If images themselves are thematically benign, image making is at its base always political. Communicating an idea carries with it an implicit assumption of a systematic statement. I cannot say I value something without believing a widespread shared value (even if i disagree with it). But in the modern sense of politics being structural AND intentional, we could argue that it is when images are created at the behest of a sponsor or an entity that an image becomes Capital P “Political” e.g. the Catholic Church commissioning works of biblical interpretations politicizes what we believe classic renaissance art is meant to look like. In that sense while a photograph as an object has no opinion or value, as soon as it is commissioned, contextualized, or shared, it becomes propaganda. What about benign images like the one above? Can they be contextualized? Does the writer or the reader hold power over meaning? If I took this image in 2018 (during an oil price crash when Calgary started an economic downturn), 2020 (during COVID), or after this US election in 2024 (Trump won?) - this image can read in different ways. Does my intent as the photographer matter anymore?

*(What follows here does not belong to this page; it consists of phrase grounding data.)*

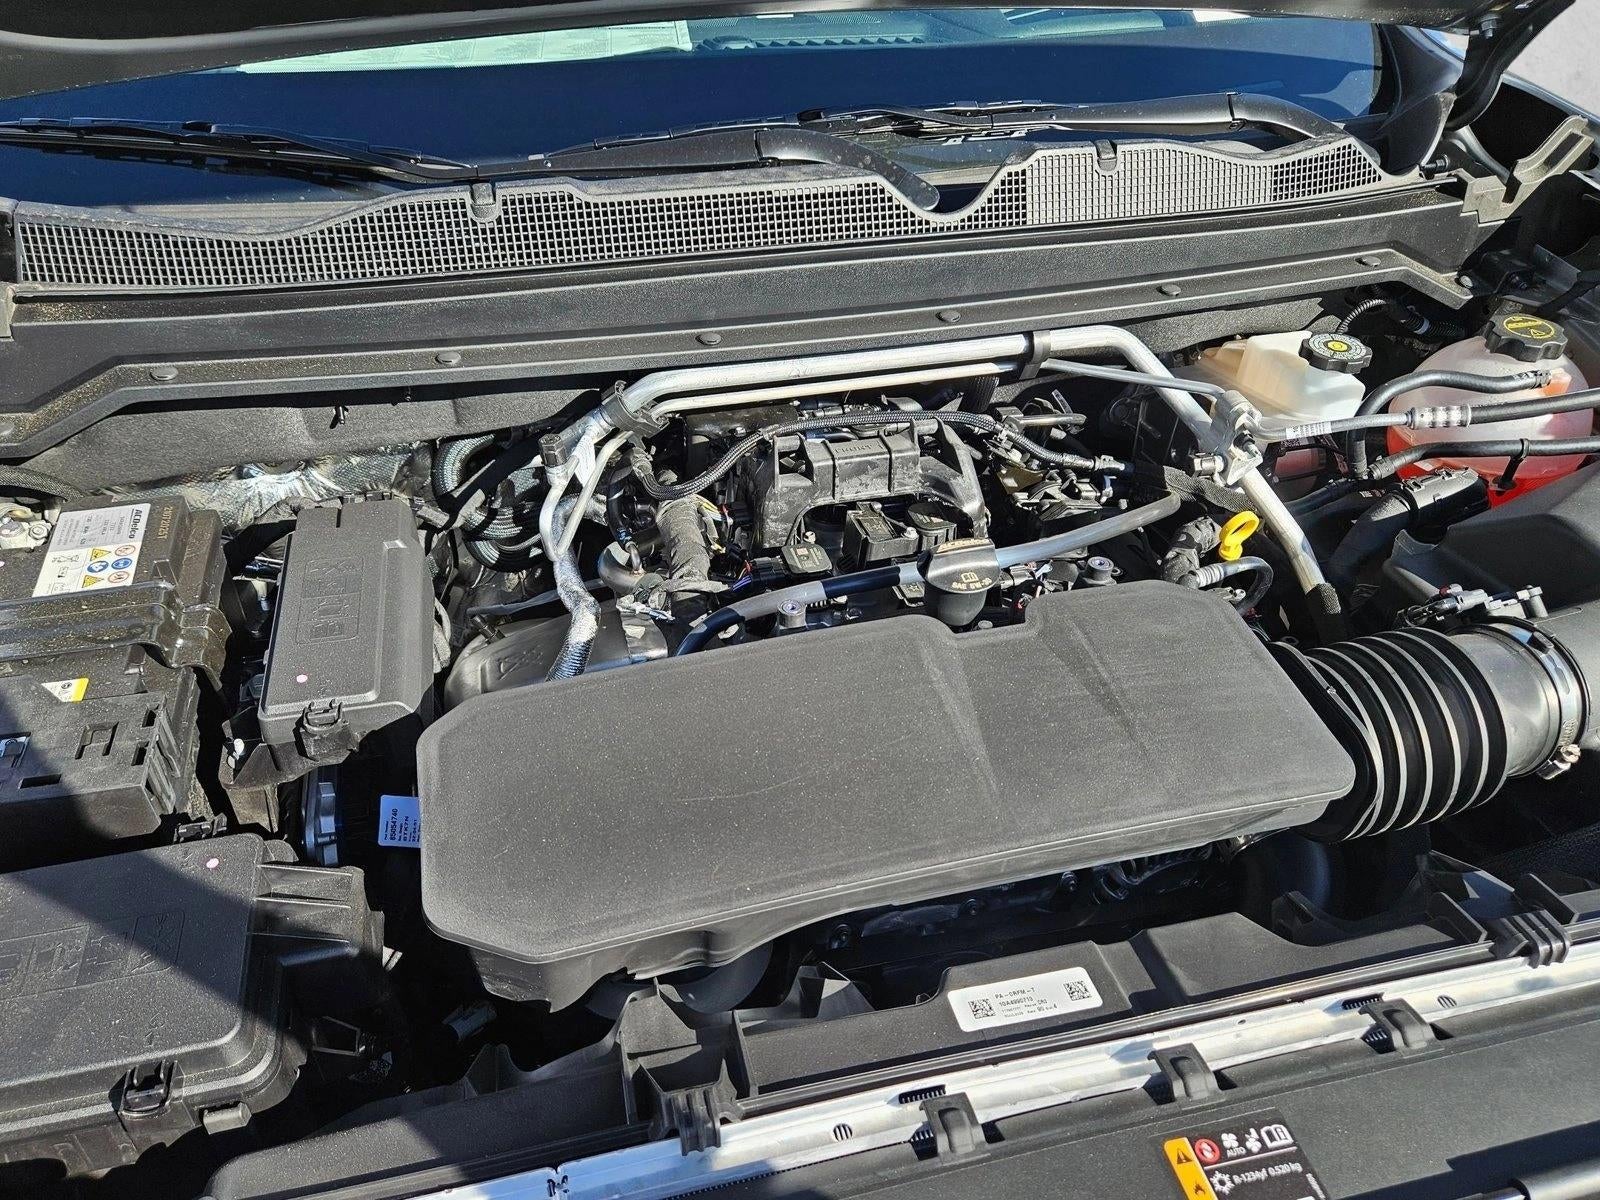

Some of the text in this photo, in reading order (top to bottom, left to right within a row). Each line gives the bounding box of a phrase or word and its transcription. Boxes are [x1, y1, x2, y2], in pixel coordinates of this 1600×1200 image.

[129, 509, 143, 539] ACDelco
[1227, 1146, 1247, 1158] AUTO
[1269, 1164, 1291, 1177] 0.520
[1288, 1162, 1303, 1174] kg
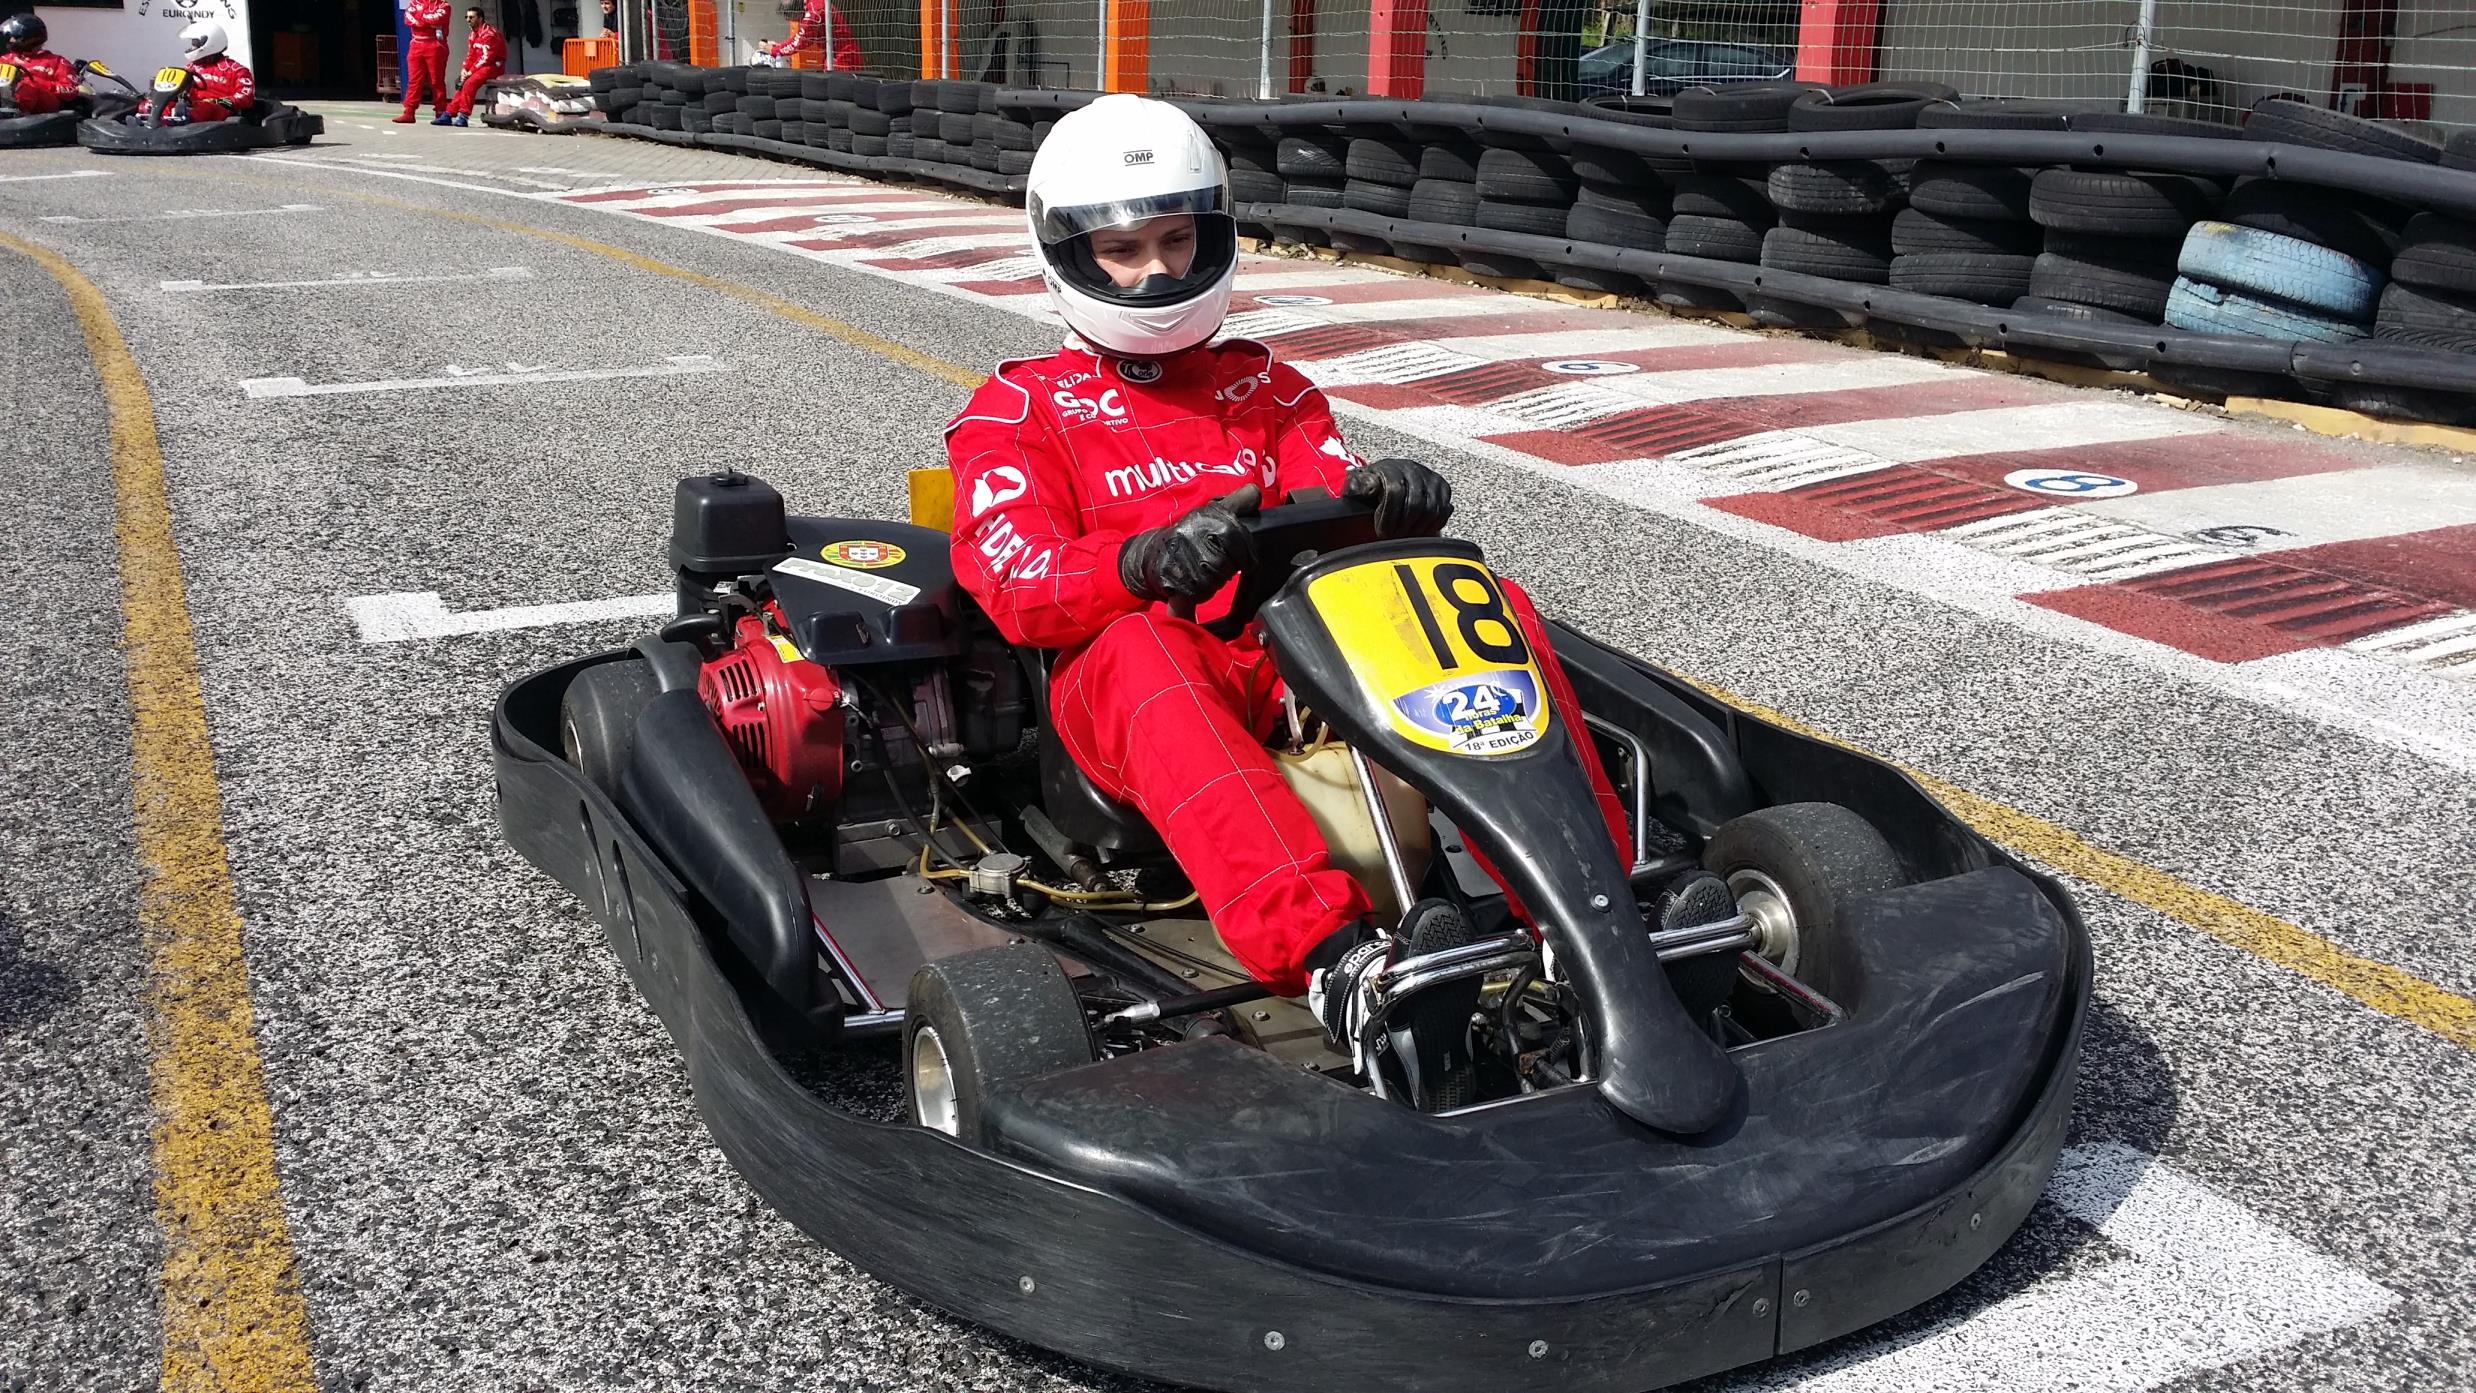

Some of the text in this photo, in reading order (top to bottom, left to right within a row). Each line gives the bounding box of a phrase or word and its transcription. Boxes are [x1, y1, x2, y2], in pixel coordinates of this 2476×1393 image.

[160, 69, 177, 82] 10
[1123, 151, 1154, 164] OMP
[1393, 563, 1530, 671] 18
[1442, 685, 1501, 721] 24
[1454, 713, 1522, 736] da Batalha
[1488, 731, 1535, 749] EDIÇÃO

Historically, humans are always questioning the nature of truth, freedom, reality itself. The photograph has become an incredible powerful and unreliable tool, a weapon in some cases, both blunt and sharp depending on its use with the power to cut through language and foster emotion. As we are a sum of a strange dichotomy between logic and faith, a medium that blurs that distinction is an inherently dangerous tool. Is the image above a fire set intentionally to make a statement? Was the image altered to emphasize some accompanying text? Was it generated by AI? What was once the realm of stuffy academic philosophers now becomes the job of individual people to filter stimuli for truth. Who has the time for that? Is it any wonder we are becoming shallower and more easily swayed by flashes and sensationalism? I don’t have time to read the blurb. I go with my “gut”. And if I like what I see, I don’t want anyone to tell me I’m wrong.
And what of the photographer, the seemingly innocent and naive practitioner? Those of us that believe we participate in simply mechanical operations, personal aesthetic critique, and topical and non invasive sharing of ideas and work? What about the photojournalist like Gordon Parks whose work was editorialized to move in line with assumptions of black youth in post WWII Harlem. Or this essay from Al Jazeera that asks for accountability in journalistic photography - they’re conclusion is that the media must regulate itself because the viewer cannot. We don’t live in a time of heightened sensitivity and intellectual independence. We are already worn down to be passive.
If politics is understood as any systematic enforcement of morality or legality than we can skirt this answer with our innocence. But the moment an image of ours is recontextualized or interpreted by an opposing faction - it is a politicized object, whether we intended it or not.
such is the power of public discourse.